Hypertensive disorders affect up to one in ten pregnancies. Preeclampsia in particular, with an incidence of 2–3%, is responsible for maternal complications such as eclampsia, HELLP (Haemolysis, Elevated Liver enzymes, Low Platelet count) syndrome and multi-organ dysfunction, and carries a lifelong increased risk of cardiovascular disease. Moreover, it is estimated that more than 60,000 maternal deaths worldwide occur each year from complications of preeclampsia, mainly in developing countries [1]. From the fetal-neonatal perspective, preeclampsia is a major cause of prematurity and intrauterine growth restriction (IUGR) and, as a consequence, an important source of perinatal mortality. In addition, epigenetic changes associated with preeclampsia such as DNA methylation negatively impact on the infant’s risk of metabolic and cardiovascular disorders later in life [2]. Although antihypertensive drugs may help in controlling blood pressure, childbirth and in particular the delivery of the placenta remains the only curative treatment for preeclampsia. Correct diagnosis, optimisation of antenatal surveillance, administration of corticosteroids contributing to fetal lung maturation, transfer to a facility with a neonatal care unit and targeted timing of delivery improve maternal and fetal outcomes. Therefore, the early identification of women at risk is essential in prenatal care. Due to poor obstetric outcomes, this statement is especially true in early gestation.

Preeclampsia, a major challenge for the clinician

The relative simplicity of the old definition of preeclampsia (hypertension and proteinuria) has long contrasted with the severity of the complications associated with the disease and poorly reflected its systemic nature. In addition, the severity criteria did not always correlate with the maternal-fetal clinical picture and outcomes as the onset of complications such as placental abruption, fetal demise or seizures often preceded the diagnosis [3]. In recent years, the International Society for the Study of Hypertension in Pregnancy (ISSHP) amended the diagnostic criteria to include the concept of organ dysfunction. More importantly, the presence of proteinuria is no longer essential for diagnosis (table 1) [4]. Despite these changes, the current definition remains based on nonspecific late-onset clinical signs. It does not include any biochemical markers that have been studied in the setting of preeclampsia, such as human chorionic gonadotropin (hCG), pregnancy associated plasma protein- A (PAPP-A), vascular endothelial (VEGF) and placental (PlGF) growth factors, antiangiogenic proteins, or sFlt1/PlGF ratio.

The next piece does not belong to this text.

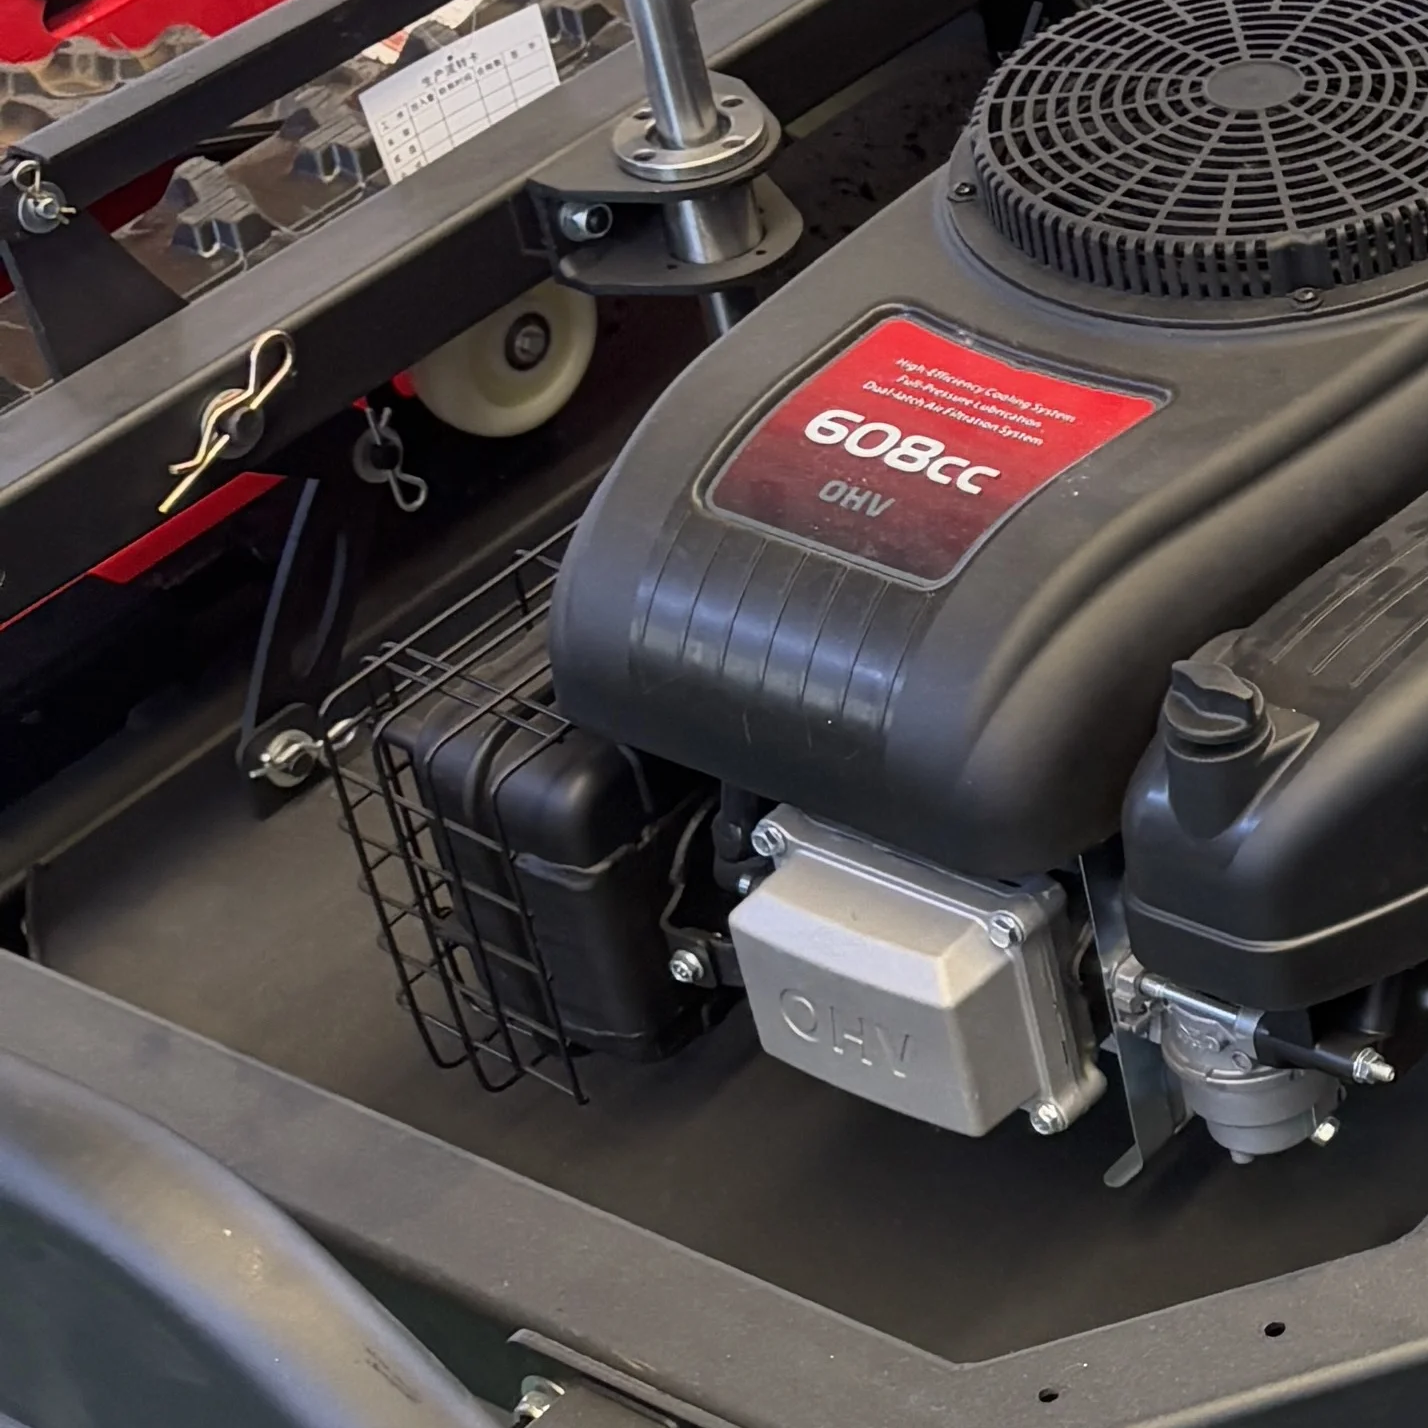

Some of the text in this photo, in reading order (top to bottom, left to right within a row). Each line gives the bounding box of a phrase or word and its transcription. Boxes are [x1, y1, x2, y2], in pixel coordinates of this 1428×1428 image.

Table 1 ISSHP (International Society for the Study of Hypertension in Pregnancy) criteria for the diagnosis of preeclampsia.

Clinical/ biological signs Definition
Gestational hypertension Onset at or after 20 weeks gestation
Systolic BP ≥140 mm Hg or diastolic BP ≥90 mm Hg
Accompanied by one of the following new-onset conditions
Proteinuria Urinary dipstick: ≥1 + (= 30 mg/ml) confirmed by a
Urinary protein / creatinine ratio ≥30 mg/mmol or
24-hour proteinuria ≥300 mg
Acute kidney injury Creatinine >90 μmol/l
Liver involvement Elevation of transaminases (AST / ALT >40 IU/l) with or without right upper quadrant or epigastric pain
Neurological complication Eclampsia, stroke, blindness or persistent visual scotomata, clonus, severe headache, altered mental status
Haematological complication Thrombocytopenia <150 G/l, haemolysis, DIC
Uteroplacental dysfunction IUGR, abnormal umbilical artery Doppler, FDIU

BP = blood pressure; DIC = disseminated intravascular coagulation; IUGR = intrauterine growth restriction; FDIU = fetal death in utero. Adapted from Brown et al. 2018 [4]

In this setting, it appears important to differentiate preeclampsia that occurs at a late gestational age (late onset) from early gestation disease (<34 week’s gestation). The first type is believed to be of maternal origin and usually not associated with IUGR, whereas the pathogenesis of early onset preeclampsia is different, characterised by defective trophoblastic invasion and incomplete remodelling of the spiral arteries in the first trimester of pregnancy, resulting in placental ischaemia, oxidative stress and reduced maternal-fetal exchange. This state of hypoxia is associated in part with an imbalance in proteins regulating angiogenesis. PlGF, the main proangiogenic factor in pregnancy decreases while anti-angiogenic factors such as soluble fms-like tyrosine kinase 1 (sFlt1) increase. It plays a fundamental role by directly inhibiting angiogenesis, as well as by blocking the vasodilatory effects of PlGF. These biological changes precede the onset of clinical symptoms or biological changes by several weeks [5]. A direct comparison of the levels of both factors by calculating a sFlt1/PlGF ratio as an early marker has sparked interest in this diagnostic approach to preeclampsia, especially in early gestation.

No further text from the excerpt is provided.